El final perfecto para una popular serie de Netflix
Reseña sin spoilers de Un paro cardíaco. Para siemprela película con la que Netflix se despide de una de sus series más populares e improbables. Y es que esta pequeña producción inglesa basada en las novelas gráficas de Alice Osman ha sido un referente para la comunidad LGTBIQ+, pero es mucho más que una ficción de nicho. En este punto, el protagonista tiene que madurar y afrontar el gran dilema entre amarse a sí mismo y seguir amándose a sí mismo.
El poder de un ‘tapón cardíaco’
Un paro cardiaco Explotó en Netflix casi sin promoción (como la gran mayoría de productos de la plataforma) y, gracias al boca a boca, se convirtió en tendencia entre los espectadores jóvenes. Es cierto que la primera temporada no generó grandes datos, por lo que la renovación estaba en duda. Pero cuando los ejecutivos de Red N Company se dieron cuenta del impacto cultural de la serie (además de que era un producto bastante barato), decidieron dar luz verde a dos entregas más.
La clave para Un paro cardiaco Es abordar la experiencia LGTBIQ+ con inocencia, belleza y respeto. En un mar de televisión cargada de productos La corriente principal Para los jóvenes cuyas tramas sexualizan y exageran la adolescencia, la de Alice Osman parecía una serie hermosa y sencilla, pero con una profundidad psicológica más profunda de lo que podría parecer.
Más allá del nicho
La era apasionada, Psicosis, Matar a un ruiseñor, No es el pequeño Don, Viejo, Stromboli, El secreto de tus ojos, El misterio del asesinato en Manhattan, Gente común y corriente y Una familia de Tokio Esas son mis diez películas favoritas. Ninguno de ellos tiene una trama LGTBI y yo formo parte de ese grupo. Crecí sin referentes culturales claros y los que había eran degradantes, estereotipados y trágicos. Sin embargo, las historias que me moldearon y marcaron no me representaron en ningún aspecto particular (y muy importante, por cierto).
Por eso celebro la existencia. Un paro cardiaco por muchas razones. En primer lugar, ofrece un contexto saludable, quizás utópico, pero lleno de esperanza. Las historias raras pueden ser hermosas.
En segundo lugar, creo que es un error descartar la ficción de Alice Olsman por representar una extraña realidad diferente. Así como crecimos amando las historias gay, los gays podemos hacer lo mismo con nuestras tramas.
Sin olvidar el pilar fundacional de Un paro cardiaco (que representaba LGTBIQ+), la serie, y ahora la película, cualquier ser humano puede entenderlo. En eso se basa el buen arte, en lo universal.
La historia de Nick y Charlie trata sobre todos los que crecen y tienen miedo. Pertenece a aquellos que no sabemos quiénes somos y lo descubrimos sobre la marcha. Los que sufrimos problemas de salud mental y no queremos admitirlo y los que queremos triunfar en el mundo. Esta es la historia de todos.
Un hermoso final
Un paro cardiaco Netflix se despidió de sus fans con una película de casi dos horas de duración estrenada el pasado viernes. En la película, Nick y Charlie están muy enamorados, pero experimentan distancia y madurez.
Nick irá a la universidad y dejará a su novio a cinco horas de distancia. Charlie ha mejorado, pero todavía lucha por superar su anorexia y su trastorno obsesivo-compulsivo. Por supuesto, las consecuencias de estas enfermedades han pasado factura a la pareja.
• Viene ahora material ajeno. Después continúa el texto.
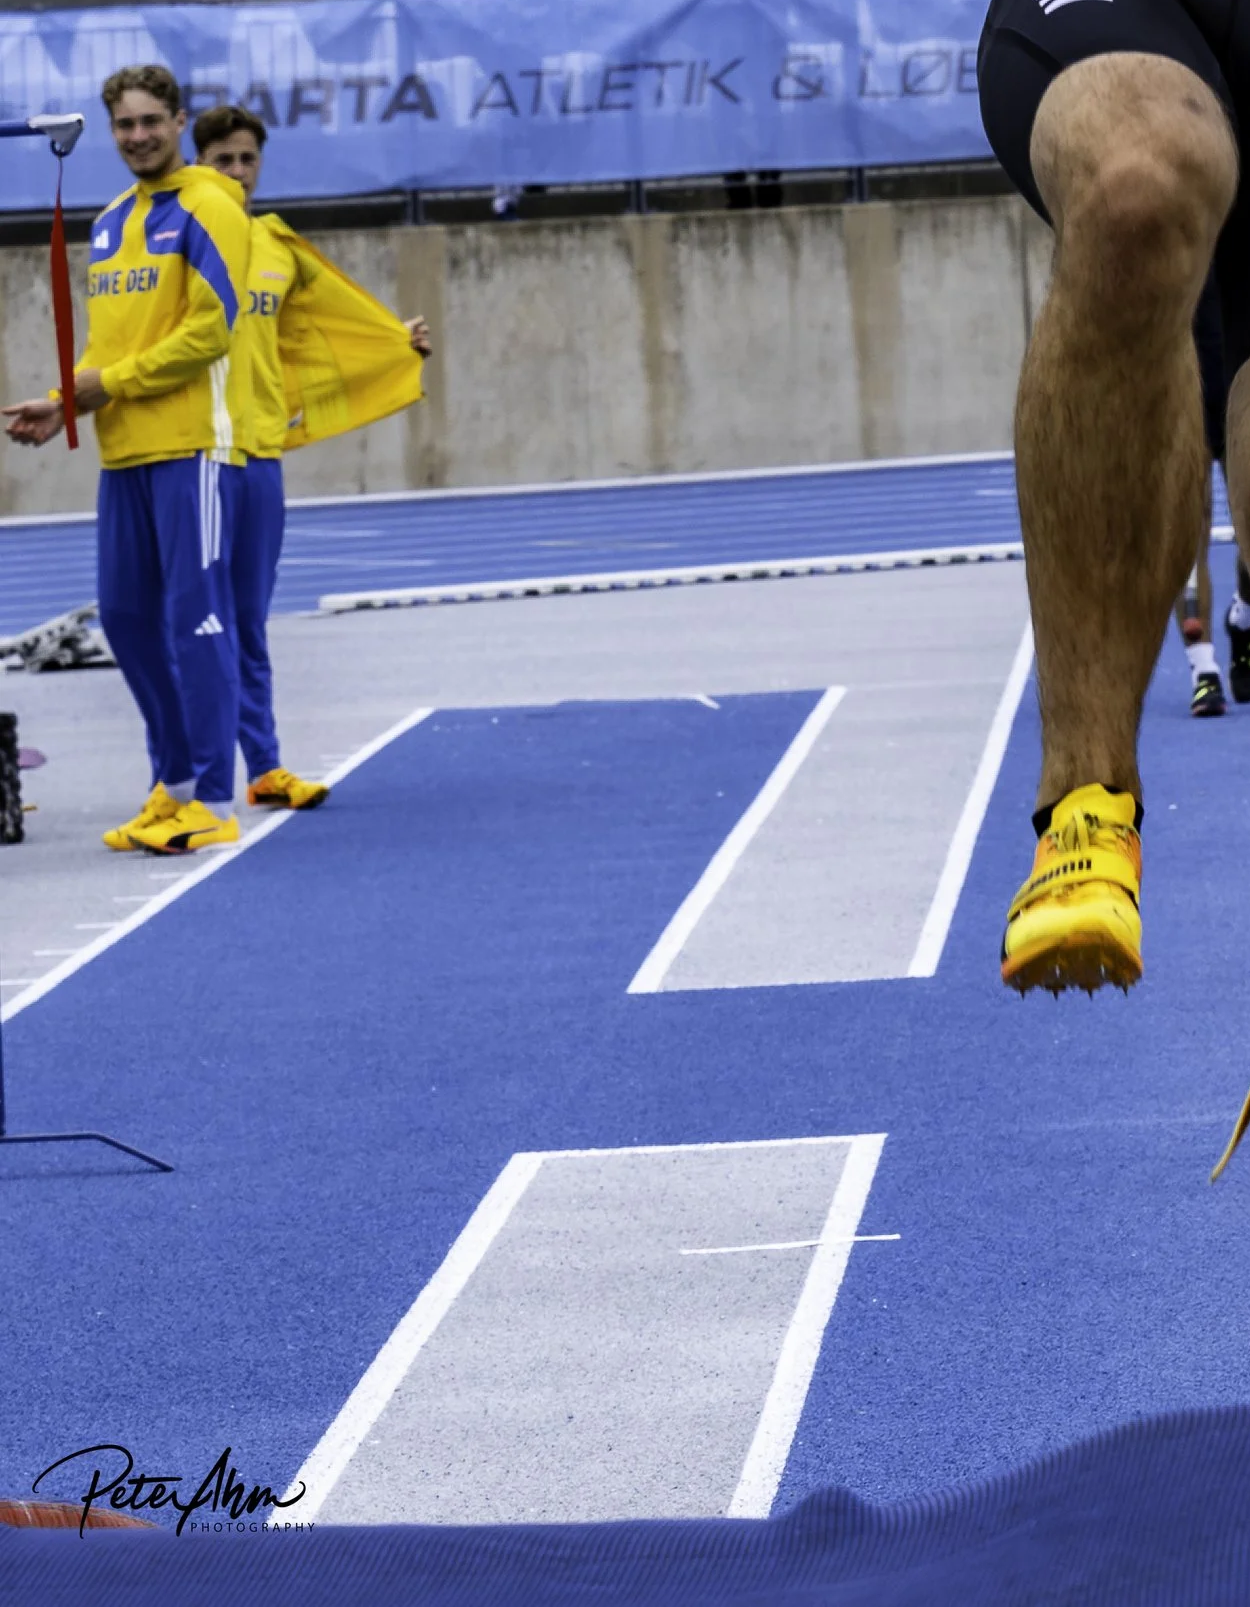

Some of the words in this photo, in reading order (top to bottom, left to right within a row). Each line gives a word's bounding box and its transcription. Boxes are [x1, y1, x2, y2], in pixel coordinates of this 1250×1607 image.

[183, 73, 438, 127] PARTA
[470, 56, 746, 120] ATLETIK
[772, 53, 824, 102] &
Nok siente que no sabe quién es sin proteger a Charlie. ¿Quién no ha sentido el terror al vacío debido a esta armonía y abandono con su pareja? De eso se trata esta historia: de amar sin ser uno mismo. Ésta es una lección universal. Por eso existe la ficción, la buena.
No nos permitiremos spoilers, pero sí, Un paro cardíaco. Para siempre Es el final perfecto para la serie: sencillo, luminoso y optimista, aunque sin caer en la superficialidad. Hay momentos más oscuros a los que los fans están acostumbrados, pero son necesarios considerando el desarrollo de los personajes. Extraño gran parte del significado de las tramas secundarias, pero el sentimiento general es de gratitud y alegría.